Workshop Religion, Ethnicity, and Economic Performance. New Concepts and Empirical Applications
How do religion, ethnicity and economic performance relate to each other? How is religious or ethnic affiliation reflected in economic performance, and vice versa? Is there any connection between the three at all? New historical research has shown that secularization remains a vague phenomenon and religion has not lost its impact on social and economic processes. Similarly, sociological and economic studies have emphasized the continuous economic importance of religious factors through the present day. Economic performance of religious and ethnic minority groups often vary greatly from the majority population. This phenomenon raises fundamental questions of how religion and ethnicity influence economic performance in different societies, at different times.

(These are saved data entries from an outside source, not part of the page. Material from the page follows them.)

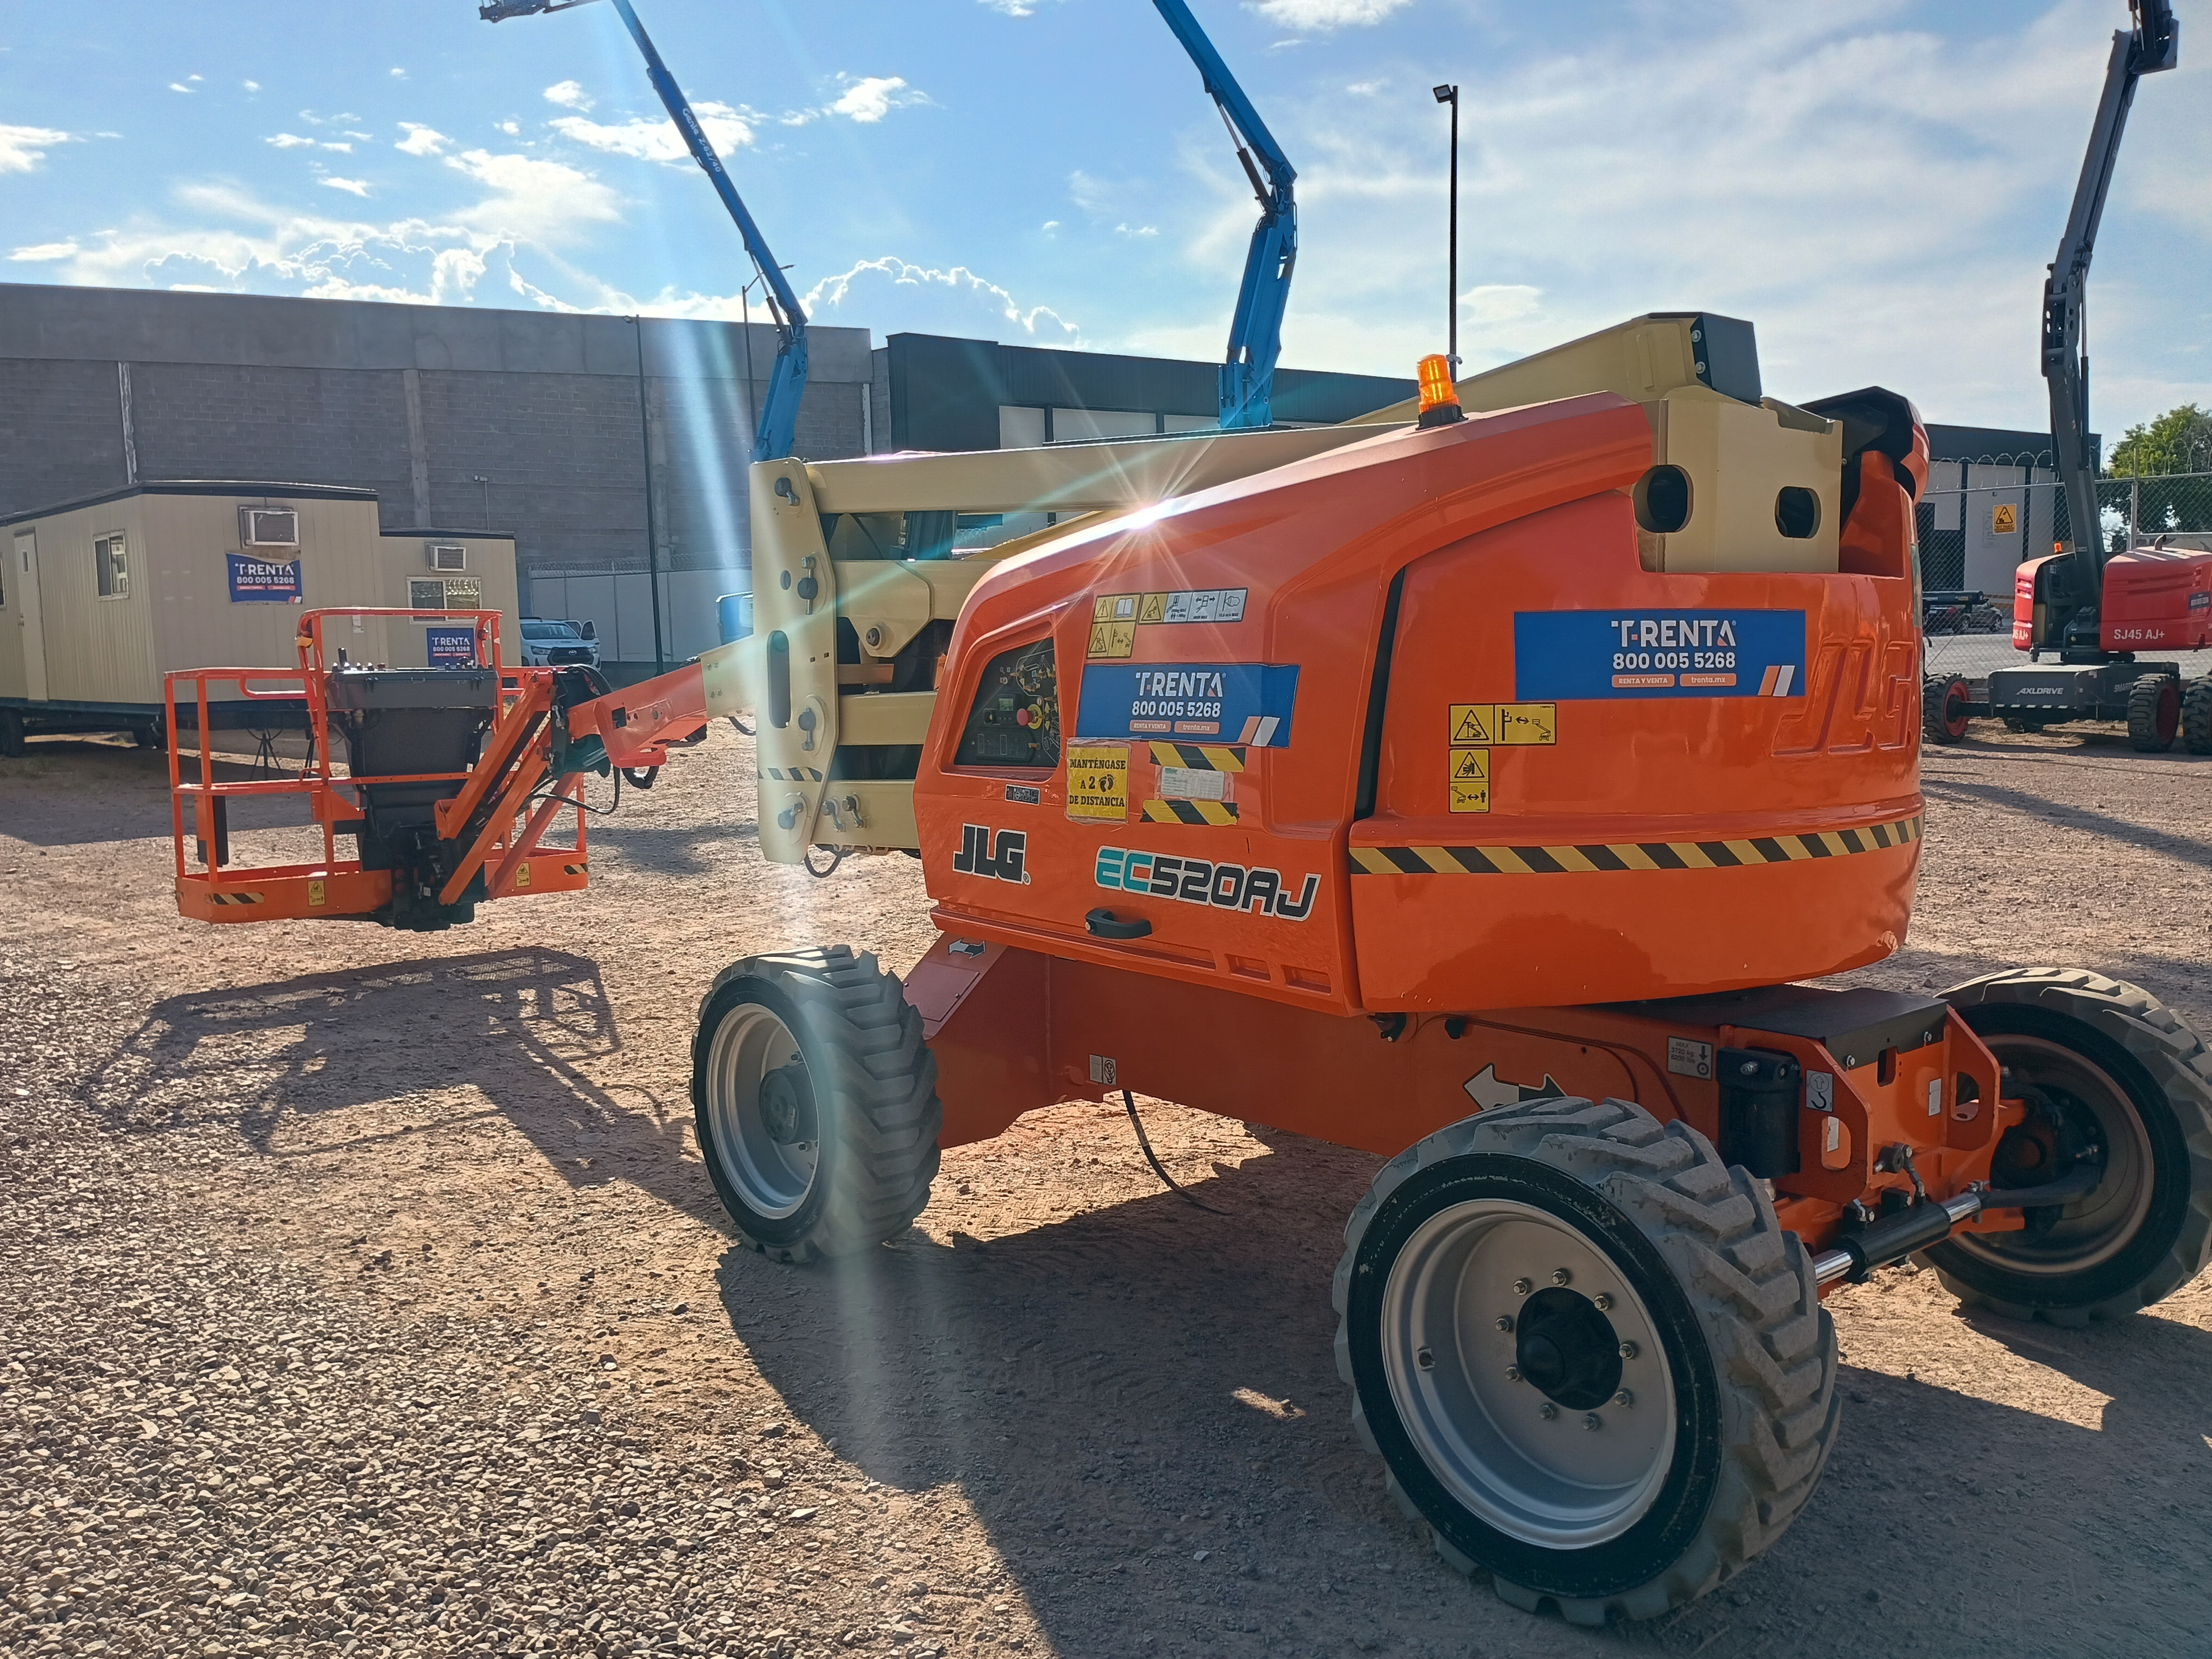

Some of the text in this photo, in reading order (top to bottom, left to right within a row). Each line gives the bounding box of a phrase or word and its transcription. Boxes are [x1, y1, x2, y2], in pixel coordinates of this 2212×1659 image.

[682, 108, 721, 172] Genie Z-62/40
[2113, 629, 2165, 639] SJ45 AJ+
[1613, 652, 1736, 669] 800 005 5268
[1132, 700, 1221, 718] 800 005 5268
[1070, 757, 1126, 770] MANTÉNGASE
[1080, 775, 1096, 789] A 2
[1069, 795, 1125, 807] DE DISTANCIA
[953, 823, 1027, 884] JLG
[1095, 846, 1321, 921] EC520AJ
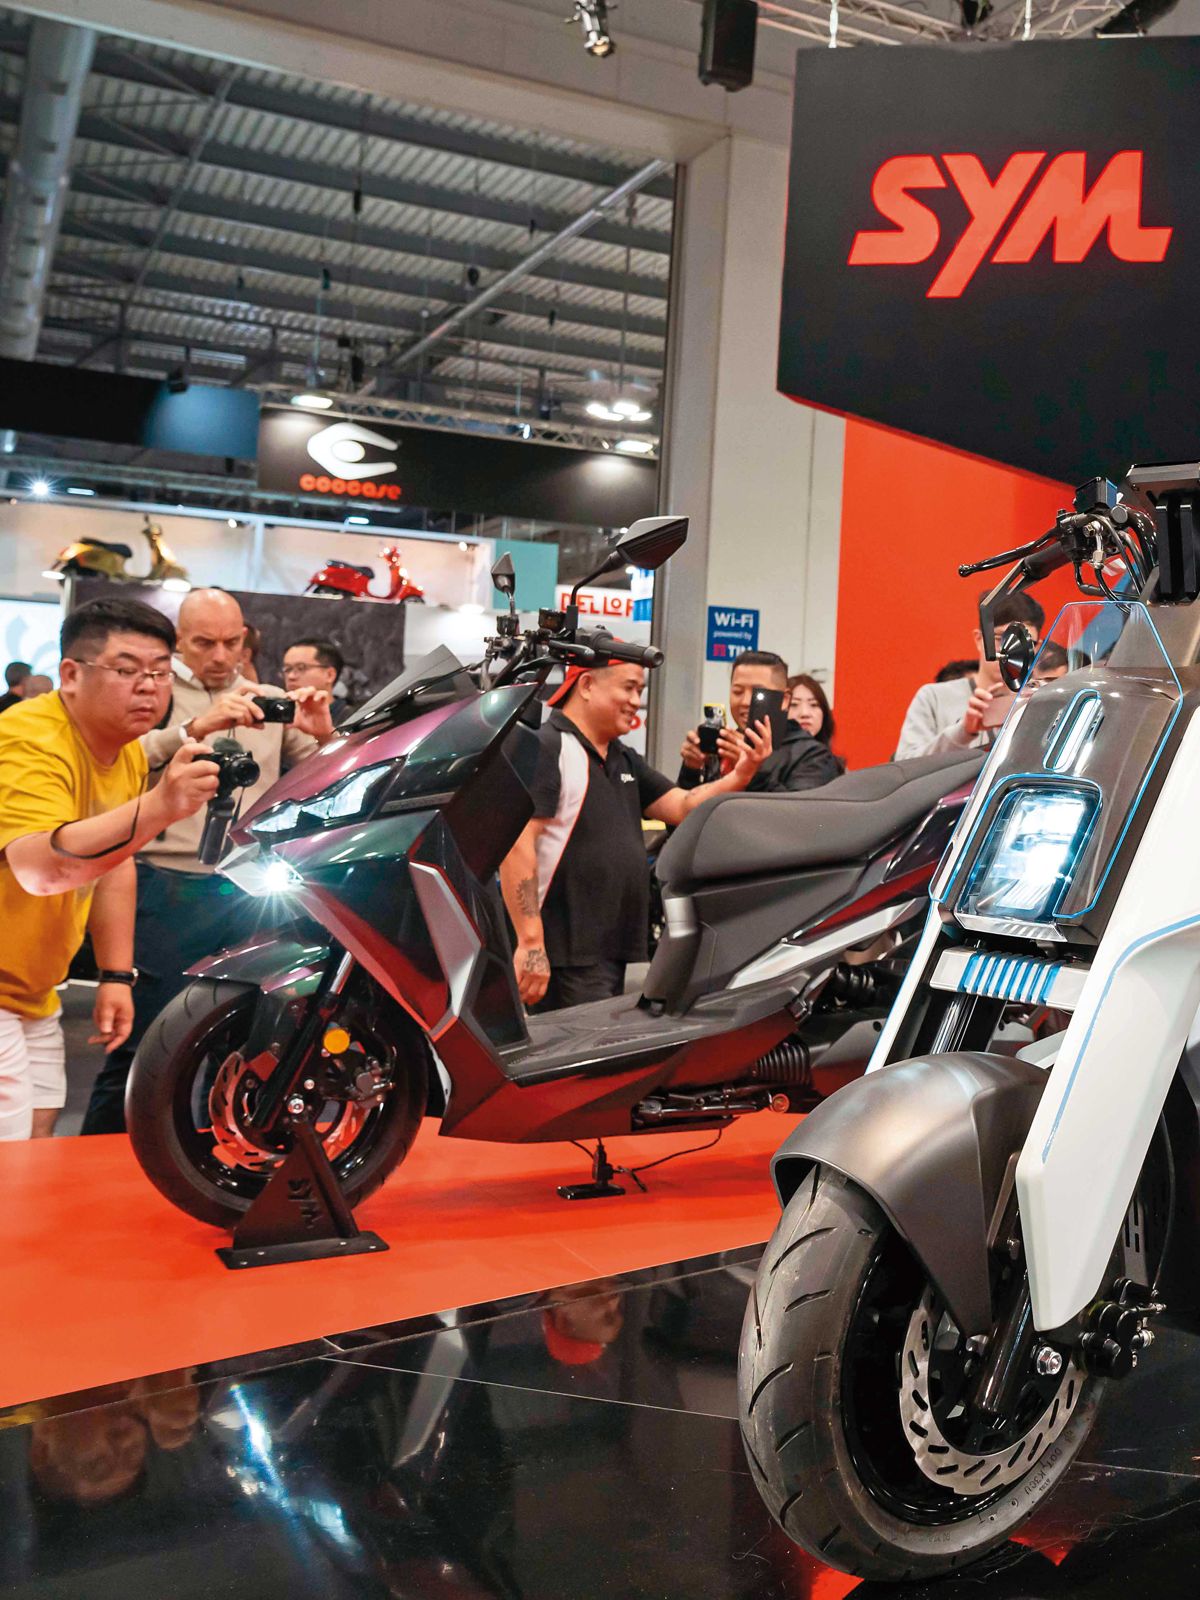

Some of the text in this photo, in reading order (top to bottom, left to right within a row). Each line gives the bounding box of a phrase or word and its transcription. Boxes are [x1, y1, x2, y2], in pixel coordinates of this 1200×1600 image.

[847, 150, 1174, 298] SYM
[300, 473, 401, 500] coocase
[714, 612, 754, 628] Wi-Fi

More specifically, it can be argued that religious and ethnic affiliation affects social norms, institutions, social networks, as well as cultural practices such as business practices (e.g. Islamic banking) or the formation of trust. In a wider sense, it also provokes more complex questions of how the experience of migration, discrimination, inclusion and exclusion, and in-group dynamics shape economic orders and business cultures of ethnic/religious groups.
This workshop aims to bring together and discuss research from a historical, social science and cultural studies perspective, guided by the following overarching questions:
- How does religious and ethnic affiliation influence economic performance, for example by shaping social and cultural norms or institutions?
- How does economic practice affect the cohesion and historical development of religious and ethnic communities?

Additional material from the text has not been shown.